In particular, the perpendicular bisector of AB is a line which meets AB at right angles and passes through the mid-point of AB.

As you have probably learnt by now, the product of the gradients of two perpendicular lines is equal to -1.

To find the equation of this perpendicular bisector (which is equivalent to finding the equation of a straight line), we need to

- find the gradient of this bisector and

- find the midpoint of AB.

The gradient of AB

= change in y / change in x

= [1 - 7] / [5 - (-1)]

= -6 / 6

= -1

Since gradient AB x gradient bisector = -1, the gradient of the bisector must be 1.

The midpoint of AB

= (average of x, average of y)

= [(-1 + 5)/2, (1 + 7)/2]

= (2, 4)

Now that we have the gradient of the line (1) and a point on the line (2, 4), we are ready to form the equation of the line (i.e. the bisector).

y = mx + c

y = x + c (since m = 1)

Substituting (2, 4) into the equation,

4 = 2 + c

2 = c

So, the equation of the perpendicular bisector must be y = x + 2.

To check that the line passes through E (-4, -2), we simply check that the x- and y- coordinates of E satisfy the equation.

Clearly -4 + 2 = -2, so this is satisfied and E must lie along the line.
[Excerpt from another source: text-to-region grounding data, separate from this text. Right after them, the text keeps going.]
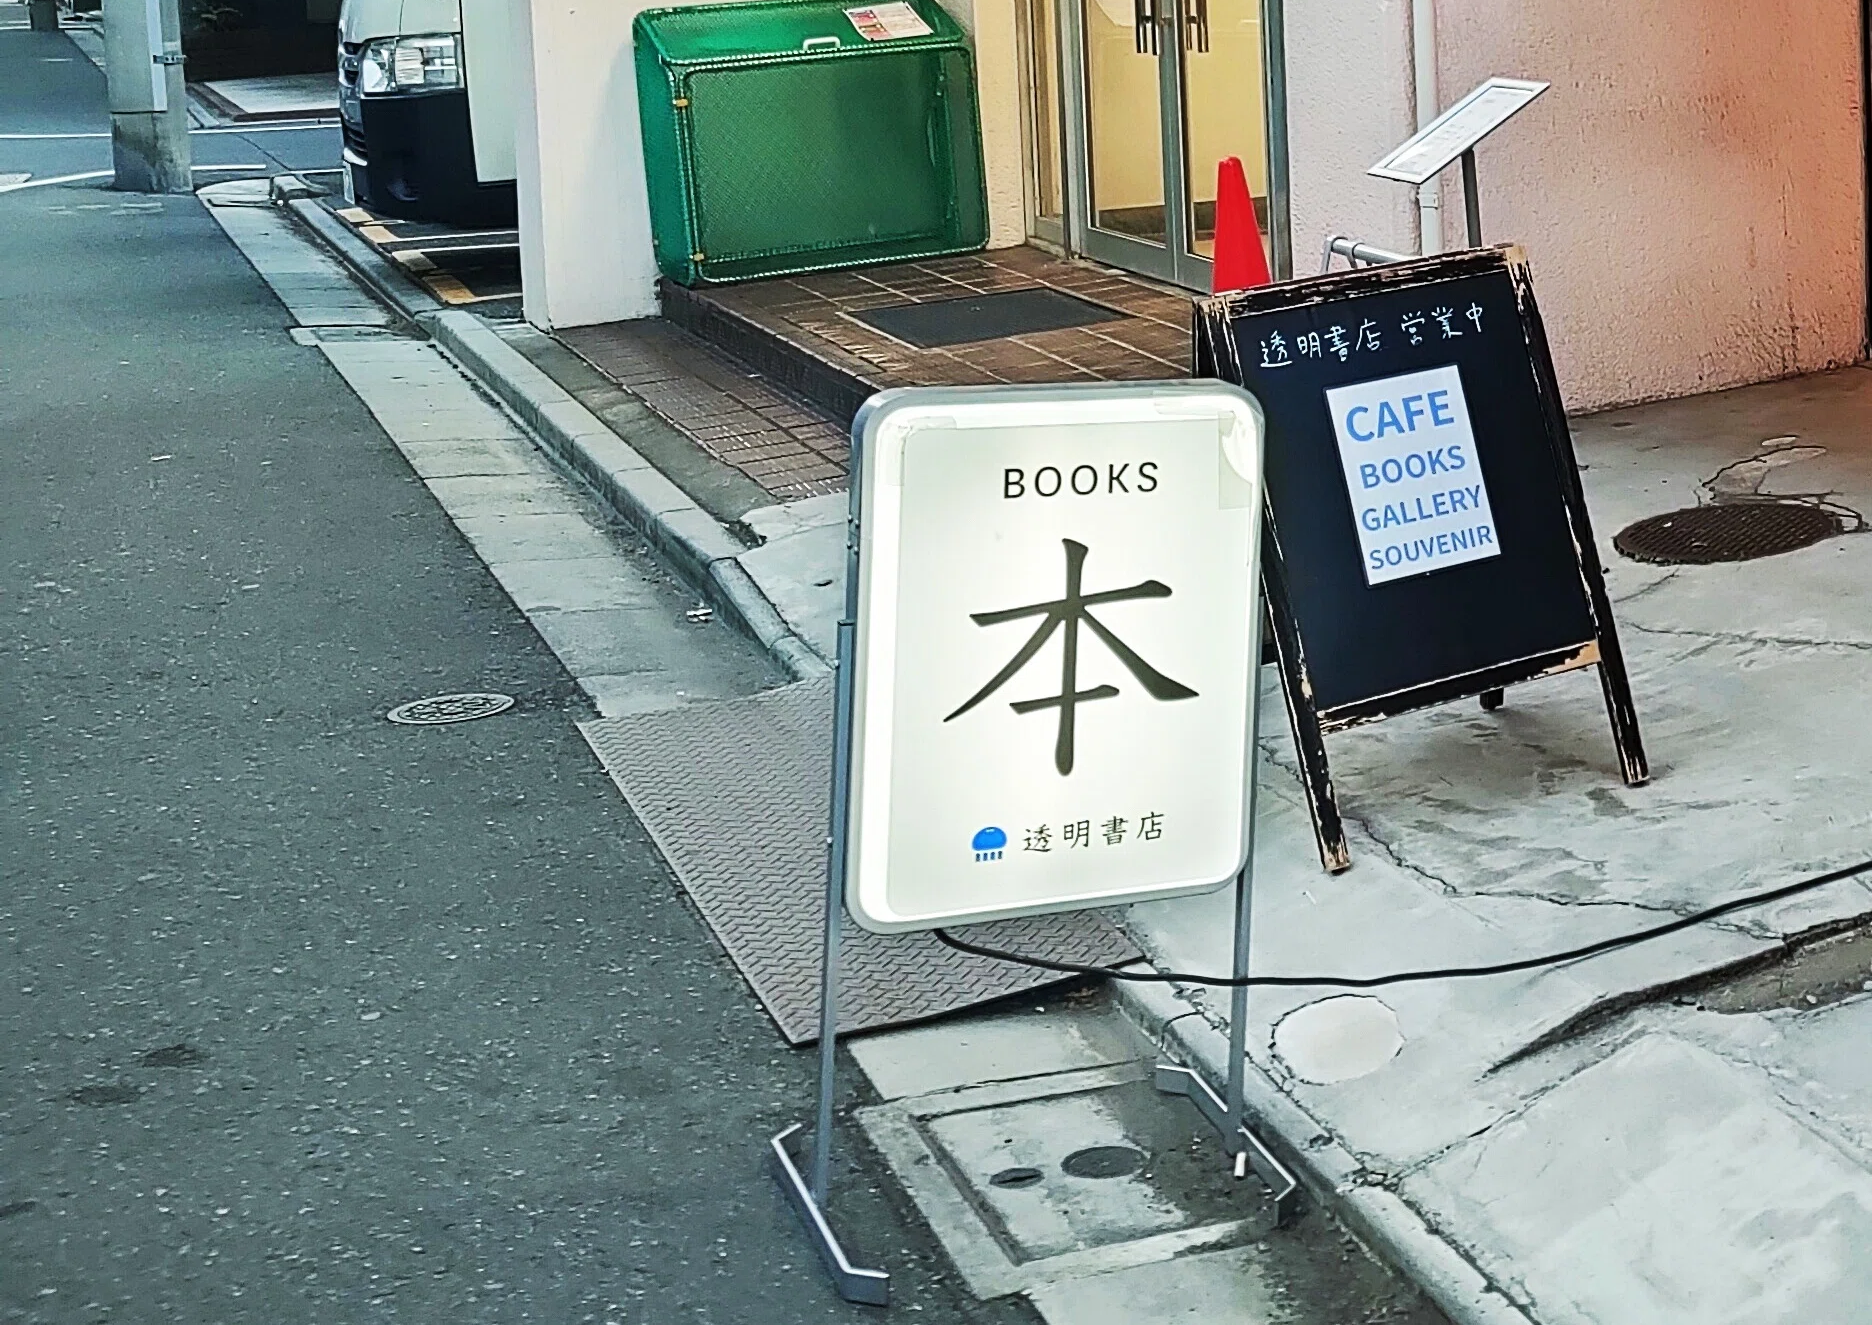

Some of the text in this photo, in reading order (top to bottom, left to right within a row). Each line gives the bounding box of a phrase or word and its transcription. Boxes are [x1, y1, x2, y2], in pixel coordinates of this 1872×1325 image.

[1259, 302, 1485, 369] 透明書店 営業中
[1345, 389, 1456, 443] CAFE
[1002, 461, 1160, 499] BOOKS
[1359, 444, 1467, 490] BOOKS
[1361, 484, 1481, 532] GALLERY
[1369, 524, 1493, 571] SOUVENIR
[942, 537, 1200, 777] 本
[1022, 811, 1165, 854] 透明書店
Therefore, the line passes through E.

- 3 units to the right (from -4 to -1)

- 9 units upwards (from -2 to 7)

Since AF : FE = 2, it is clear that EF : EA = 2 : 3, so the movements of E to F will be 2/3 of the movements of E to A.

E to F is a direct movement of

- 2 units to the right

- 6 units upwards

So, the coordinates of F

= (x-co. of E + 2, y-co. of E + 6)

= (-4 + 2, -2 + 6)

= (-2, 4)

Another way to do this is to find the coordinates of D and then perform the Gaussian Area Formula (i.e. the "shoelace" method), but this is much trickier.

I will not do this part on the assumption that you have yet to learn similar triangles.

If you recall in Sec 2 Maths, for any two similar triangles, their corresponding length ratios are the same.

[The concepts in Sec 2 are the basic ones which assume that the triangles or other shapes are already congruent or similar, while the concepts in Sec 3 aim to prove the congruency/simililarity rather than assume them]

We see that AF : FE = 1 : 2, so needless to say, AE : FE = 3 : 2.

Triangles ABE and FDE are obviously similar (this is normally what happens when lines such as AB and FD are parallel).

[I assume you have recently learned to write the proof for similarity, correct?]

In such situations, the other corresponding ratios such as AB : FD or BE : DE would also be 3 : 2 as a result.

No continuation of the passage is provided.